Recently, the retailer has been buffeted by the likes of Walgreens, Rite Aid and Wal-Mart Stores jockeying for sales of medications and healthcare services. Today’s drugstores compete with doctors and healthcare clinics as well as with retailers like Sephora and Ulta in beauty, and of course, general merchandisers like Target (and, increasingly, Amazon) in consumer goods. The retailer may also be wary of the proposed merger between rivals Walgreens and Rite Aid.
An uptick in lower-priced generic pharmacy sales and a decline in store traffic muted CVS Health in its previous quarter. Sales grew 2.1% in Q2, missing analyst expectations for a 2.5% rise and trailing well behind the 4.2% increase that CVS posted in the first quarter of this year. Non-pharmacy same-store sales fell 2.5% in Q2, the company added. The drugstore retailer is due to release its third quarter results next week.
While the Affordable Care Act has expanded some opportunities for drugstore retailers to offer more medical services, the law has also helped lower some healthcare costs, as it was intended to do, which could hit retail sales. CVS also left a lot of money on the table when it ceased sales of tobacco products two years ago.
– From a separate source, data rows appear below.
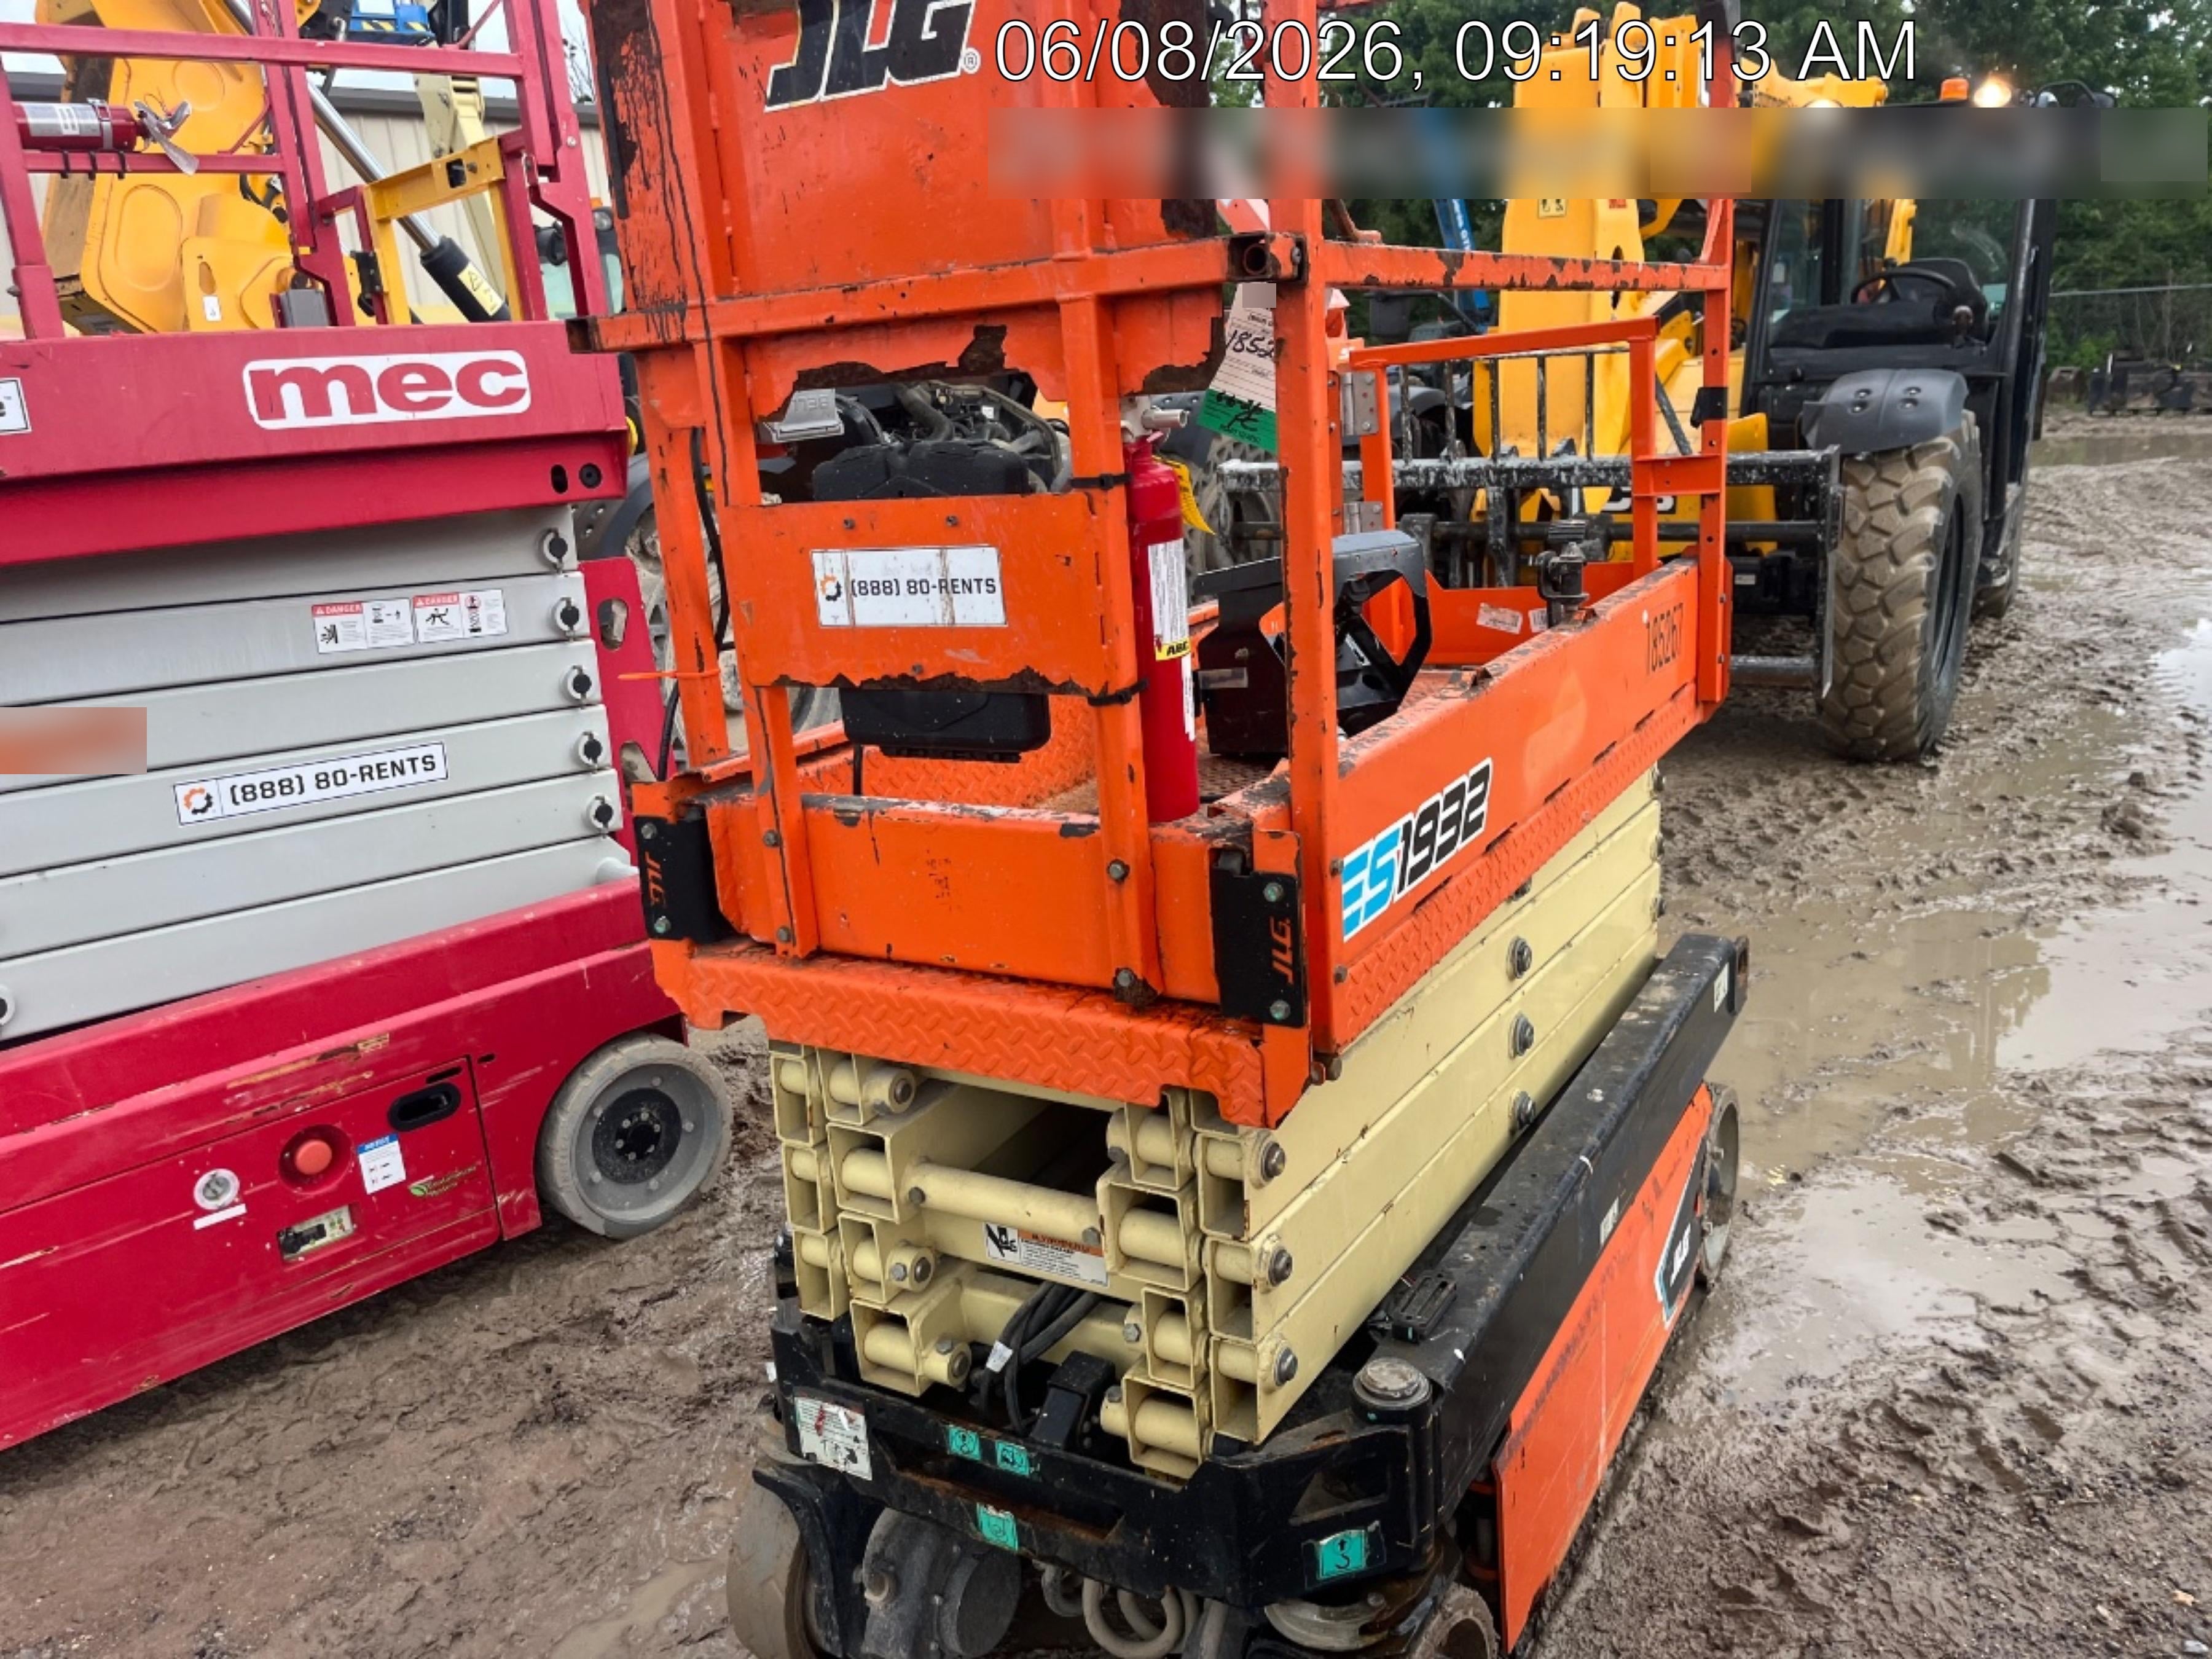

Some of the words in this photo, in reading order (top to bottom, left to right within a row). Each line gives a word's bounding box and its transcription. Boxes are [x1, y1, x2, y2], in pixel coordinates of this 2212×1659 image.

[765, 0, 975, 111] JLG
[248, 359, 527, 421] mec
[325, 602, 362, 615] DANGER
[425, 594, 458, 606] DANGER
[850, 578, 900, 597] (888)
[906, 578, 996, 595] 80-RENTS
[230, 774, 305, 806] (888)
[314, 755, 436, 790] 80-RENTS
[1342, 763, 1491, 937] ES1932
[1269, 915, 1293, 986] JLG
On the plus side, the retailer took over Target’s entire pharmacy business last year, and that seemed to give CVS an easy way to expand its store base and clinic operations. However, many Target pharmacy customers are irritated that CVS did away with Target’s innovative medication labeling system. CVS now owns the system, which helps curtail medication errors and makes the bottles and labels easier to read and use, but it has said that it doesn't want different labeling systems at different stores, and defaulted to its previous method. Bringing the so-called ClearRx to all stores could perhaps differentiate its pharmacy operations for customers.